Su ciò che accade in realtà dentro a quella villetta di certo c’è ben poco, a parte il colpo di pistola che uccide Marco. Perché gli unici presenti sono coloro che oggi sono stati condannati e che in questi anni, questo lo sappiamo con certezza, hanno raccontato più di una bugia.
Innanzitutto sulla dinamica, che rimane ancora abbastanza oscura. Secondo il suo ricordo, Antonio Ciontoli avrebbe puntato la sua Beretta calibro 9 contro Marco che in quel momento si stava lavando nella vasca. E poi sarebbe partito un colpo in maniera accidentale.
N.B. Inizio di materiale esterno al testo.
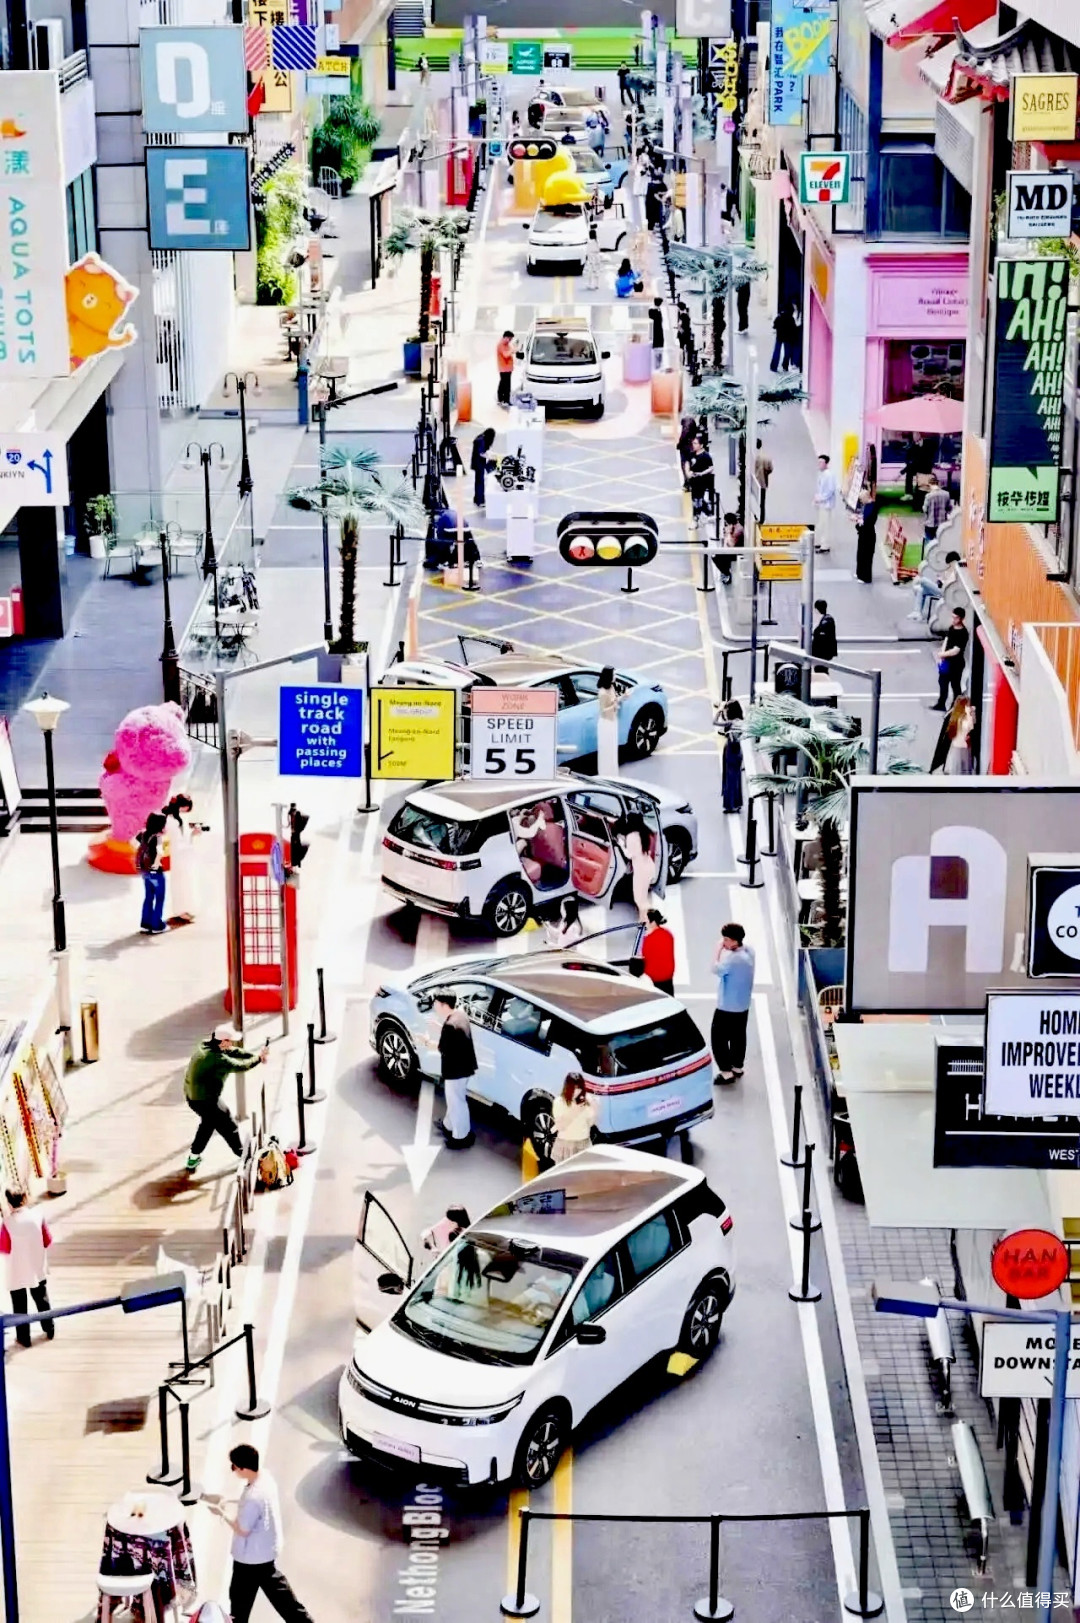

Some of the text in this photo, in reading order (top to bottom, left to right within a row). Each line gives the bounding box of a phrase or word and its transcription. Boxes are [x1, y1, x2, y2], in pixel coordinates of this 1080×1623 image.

[155, 42, 210, 118] D
[1022, 92, 1070, 111] SAGRES
[165, 159, 211, 235] E
[1014, 184, 1068, 210] MD
[8, 196, 36, 363] AQUA TOTS
[1005, 297, 1067, 341] AH!
[1023, 341, 1064, 371] AH!
[1030, 371, 1063, 396] AH!
[1037, 396, 1062, 415] AH!
[1043, 416, 1061, 430] AH!
[9, 453, 20, 462] 20
[295, 691, 349, 709] single
[299, 706, 345, 720] track
[301, 721, 343, 735] road
[487, 718, 534, 730] SPEED
[306, 736, 337, 746] with
[491, 733, 532, 744] LIMIT
[296, 746, 347, 760] passing
[485, 748, 536, 775] 55
[300, 757, 343, 769] places
[888, 825, 1008, 973] A
[1055, 925, 1078, 938] CO
[1040, 1010, 1080, 1036] HOM
[1003, 1248, 1058, 1264] HAN
[1026, 1337, 1080, 1350] MOE
[393, 1396, 416, 1408] AION
Ma da quel momento la famiglia Ciontoli decide di fare qualsiasi cosa, tranne l’unica da fare realmente. Ovvero chiamare i soccorsi. Con tutta probabilità, soprattutto nel capofamiglia, prevale il timore che la sua reputazione possa essere infangata
In nessuna delle due chiamate al 118 infatti i Ciontoli avvertono che Marco è stato ferito con un’arma da fuoco. Anzi mentono. Prima Antonio, spiegando a una infermiera che il ragazzo si è ferito con una punta del pettine. Poi la moglie di Antonio che, nell’avvisare i genitori del ricovero in ospedale del figlio, afferma: “È caduto dalle scale ma non dovete preoccuparvi”.
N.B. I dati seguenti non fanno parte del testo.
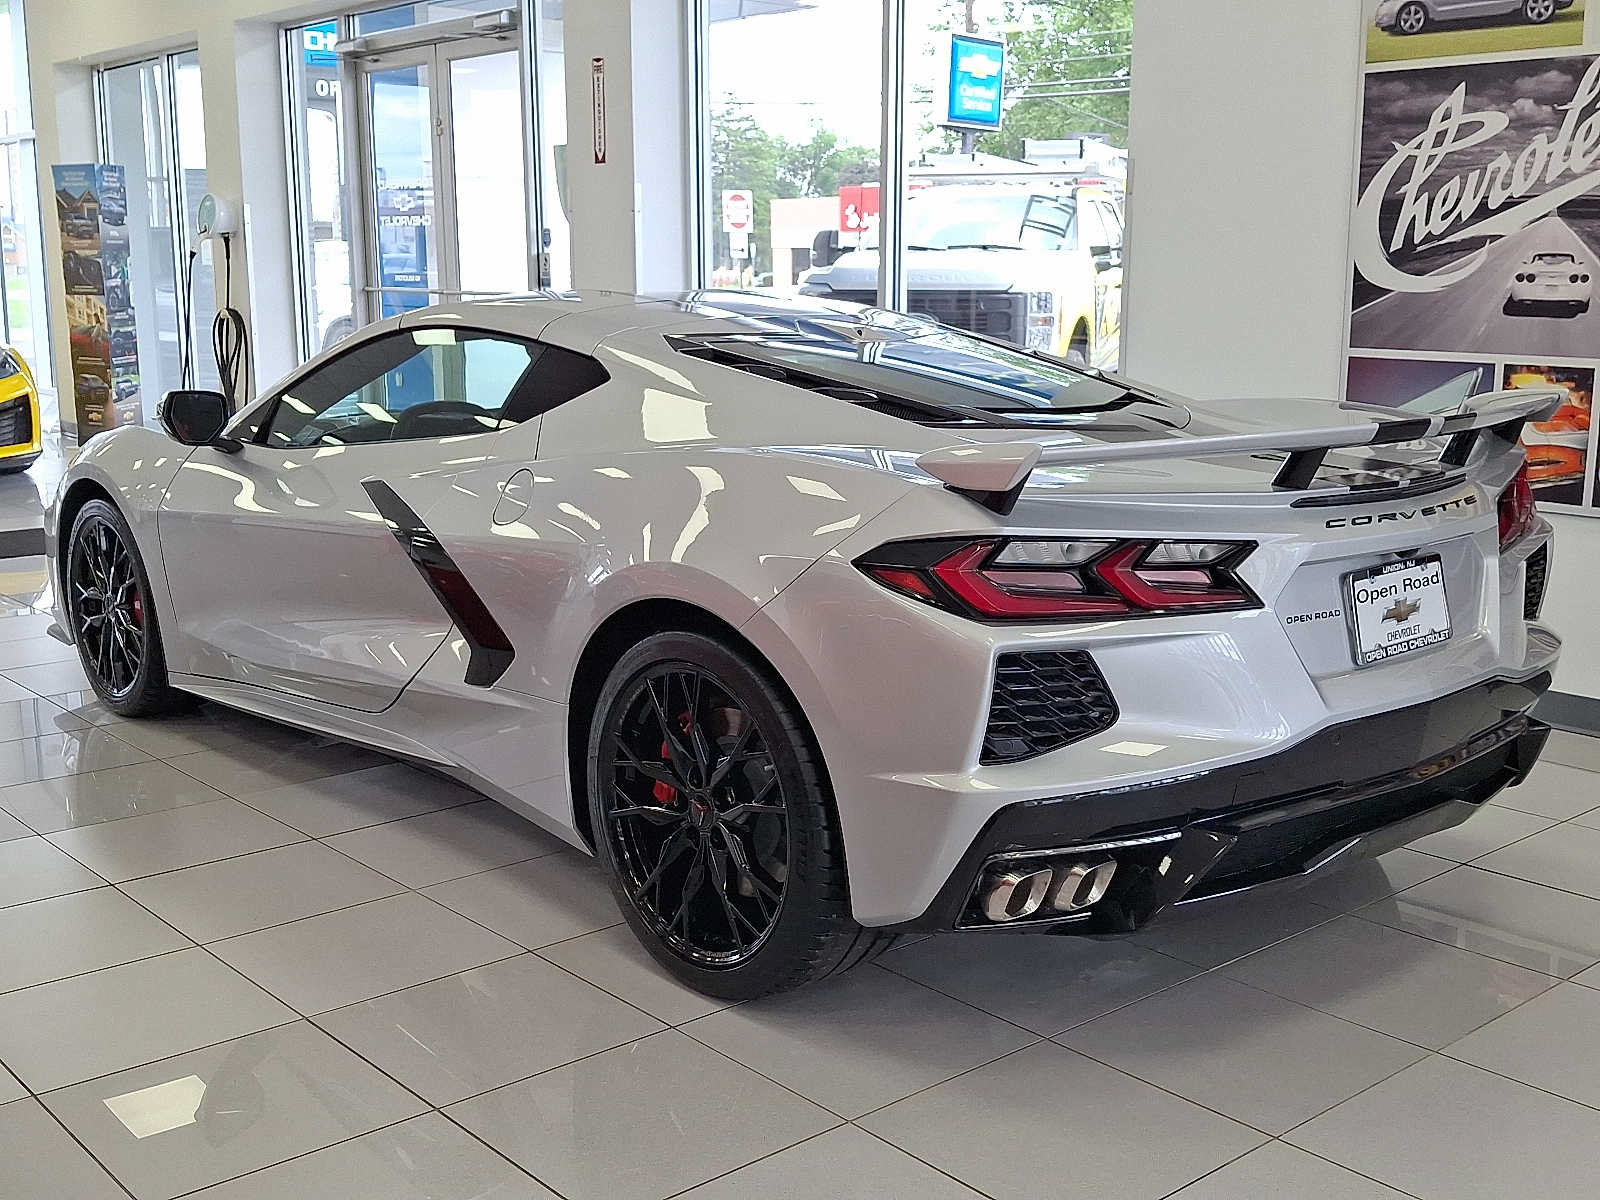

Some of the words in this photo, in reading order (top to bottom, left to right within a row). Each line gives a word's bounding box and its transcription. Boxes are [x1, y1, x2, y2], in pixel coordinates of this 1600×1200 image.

[1325, 495, 1478, 529] CORVETTE
[1406, 560, 1416, 569] NJ
[1356, 584, 1398, 605] Open
[1402, 571, 1440, 592] Road
[1286, 613, 1313, 624] OPEN
[1314, 609, 1341, 621] ROAD
[1387, 624, 1421, 642] CHEVROLET
[1366, 649, 1387, 662] OPEN
[1387, 643, 1409, 656] ROAD
[1408, 630, 1450, 649] CHEVROLET
Antonio Ciontoli poi giustificherà in lacrime la sua bugia con la paura di perdere il lavoro. A noi rimangono solo gli audio delle due telefonate al 118 e in sottofondo le urla straziate dal dolore di Marco che chiede aiuto.
Vannini morirà dopo quasi quattro ore di agonia. I medici sono certi che se fosse stato trasportato in emergenza subito dopo lo sparo, ora sarebbe vivo. Pensiero che viene ripreso dalla Corte di Cassazione nella sentenza del 7 febbraio 2020 con cui è stata annullata la decisione della Corte d’Appello in cui si derubricava l’omicidio in colposo, anziché volontario, e si riduceva la pena per Antonio Ciontoli a cinque anni di carcere. In primo grado era stato riconosciuto colpevole per omicidio volontario con dolo eventuale e condannato a 14 anni di reclusione.